Those who have been traumatized by an event often cannot control their thoughts about the experience and relive the traumatic situation over and over again. A study now points to a possible neural cause for this: According to this, traumatic memories are processed differently in the brain than normal sad memories. The brain activity is more fragmented, varies greatly from person to person and does not show the typical patterns for retrieving memory content. From the researchers’ perspective, the results support therapeutic approaches that aim to transform traumatic memories into normal memories.
People who have experienced traumatic events such as sexual assault, domestic violence, serious accidents, or war often develop symptoms of post-traumatic stress disorder (PTSD). They cannot control their thoughts about the event, experience anxiety and nightmares and often suffer from so-called intrusions, in which they suddenly feel like they have been transported back to the traumatic situation.
Focus on neurobiological processes
A team led by Ofer Perl from the Icahn School of Medicine at Mount Sinai in New York has now examined how memories of traumatic events differ from memories of other sad events. “In the experience of people with PTSD, intrusions feel fundamentally different than normal negative memories,” explains Perl’s colleague Daniela Schiller. “Until now, however, the neurobiological reasons for this qualitative difference were poorly understood.”
Previous studies have already shown that in people with PTSD, the hippocampus has reduced volume and its function is impaired. This brain region is active, among other things, when we recall episodic memories. In addition, it was already known that the posterior cingulate cortex, which is involved in narrative comprehension and autobiographical processing, is also altered in PTSD. However, studies that focus on the individual experiences of those affected have so far been lacking.
For the current study, Perl and his team asked 28 people with PTSD to tell the research team three different autobiographical episodes: the traumatic experience, a meaningful sad event that was not traumatic, such as the death of a family member, and a calm, neutral one to positive situation, for example a walk in the forest or a relaxing vacation. Based on the personal reports, the researchers put together an individual audio recording for each test subject, in which a member of the research team recounted the respective situations. The traumatic and sad experiences were formulated as similarly as possible in order to increase comparability.

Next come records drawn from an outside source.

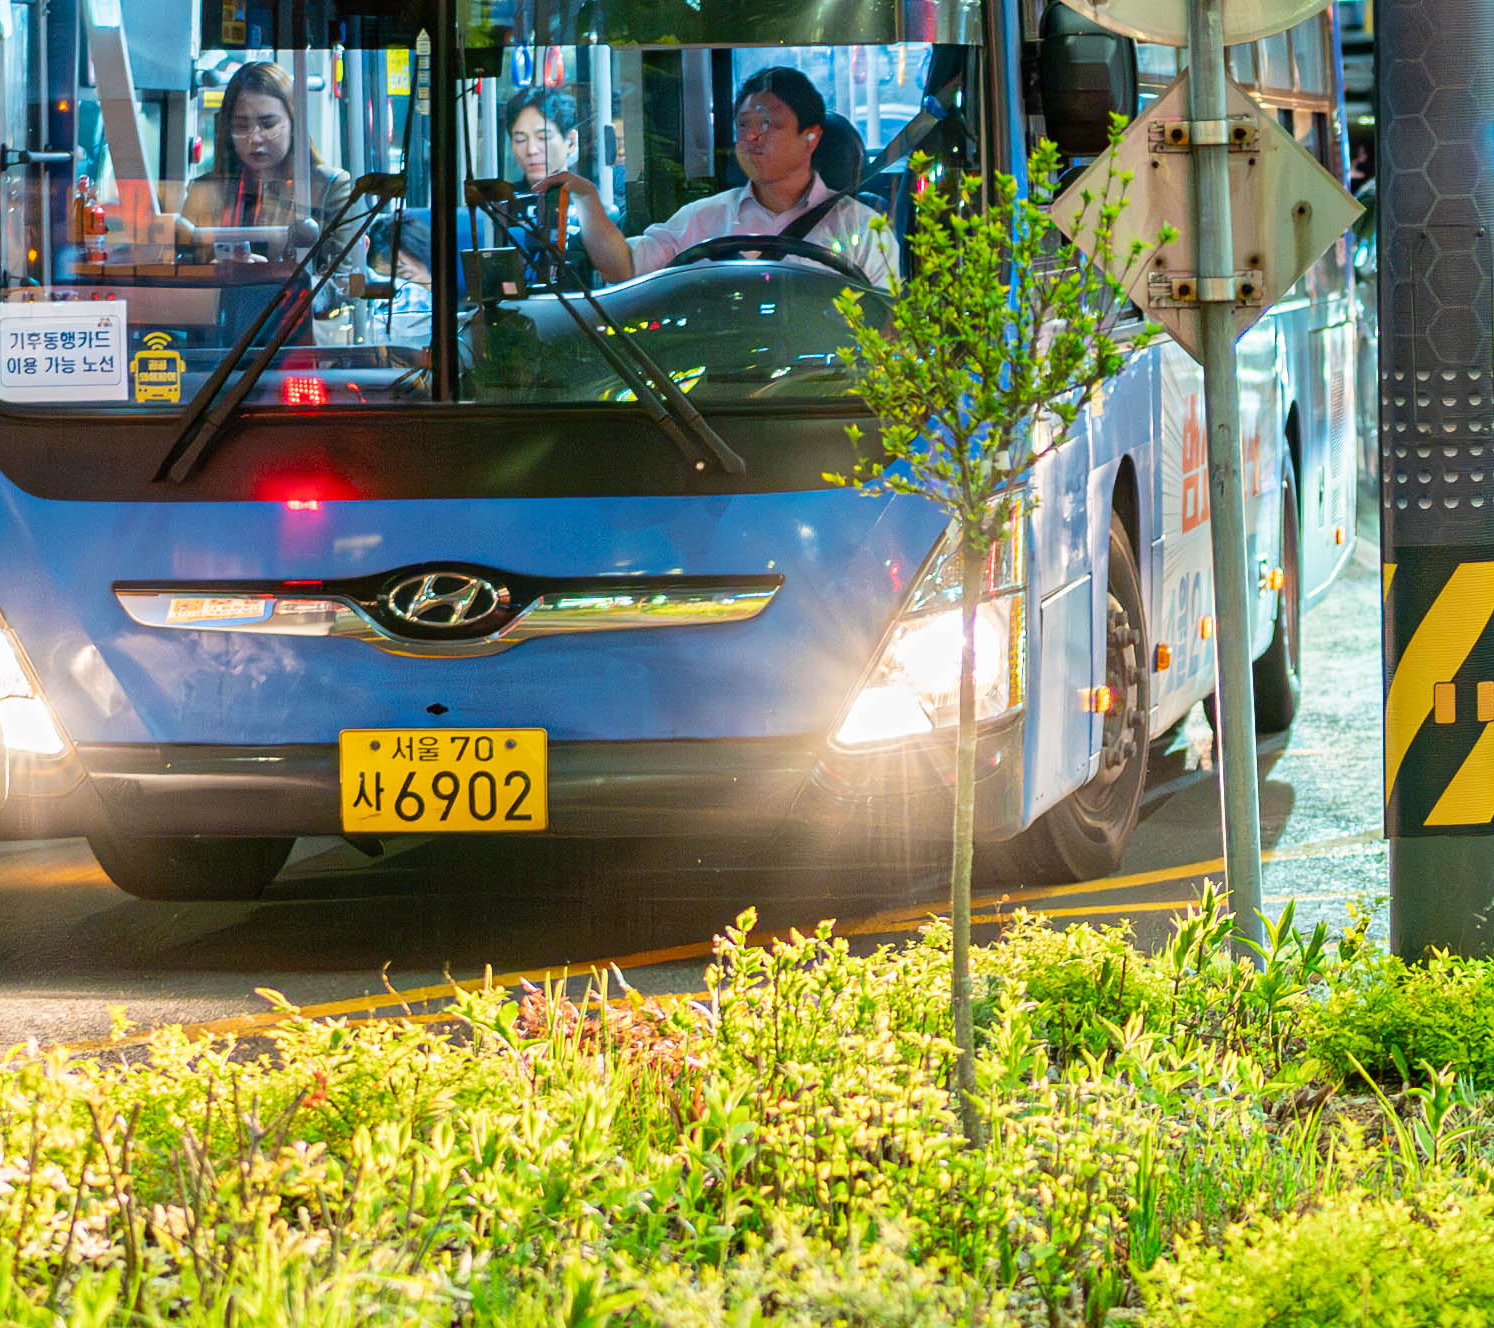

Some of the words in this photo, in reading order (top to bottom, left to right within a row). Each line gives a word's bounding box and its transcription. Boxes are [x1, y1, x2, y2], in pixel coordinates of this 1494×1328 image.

[9, 330, 112, 350] 기후동행카드
[7, 356, 39, 374] 이용
[45, 356, 77, 374] 가능
[82, 355, 115, 373] 노선
[392, 736, 440, 762] 서울
[450, 736, 494, 762] 70

These recordings were played to the subjects while their brain activity was recorded using functional magnetic resonance imaging (fMRI). The team particularly observed activity in areas associated with memory, including the hippocampus and posterior cingulate cortex. “When memories of sad or neutral events were evoked, the brains of all test subjects showed highly synchronous activity,” reports co-author Ilan Harpaz-Rotem from Yale University in New Haven. This is consistent with the assumption that narratives that are worded in a similar way also evoke similar reactions in the brain.
Fragmented brain activity
The situation was completely different with traumatic memories: “When the test subjects were presented with stories about their own traumatic experiences, the brain activity was highly individualized, fragmented and disorganized,” says Harpaz Rotem. From the researchers’ perspective, this could explain why those affected find it difficult to structure their thoughts about a traumatic event.
“Our data show that the brain does not treat traumatic memories as normal memories, or perhaps even as memories at all,” says Schiller. “Our results support the idea of a profoundly separate cognitive experience in the reactivation of traumatic memories. This is consistent with the idea that traumatic memories are not experienced as memories per se, but rather as fragments of previous events that displace the present moment.”
Implications for psychotherapy
One goal of psychotherapy for people with PTSD is for those affected to learn to integrate the traumatic event into their life story and to gain control over their memories. The current study provides a neurological explanation as to why such therapies can be helpful: “A neural goal could be to return the traumatic memories to a brain state that is similar to normal memory processing,” says Schiller.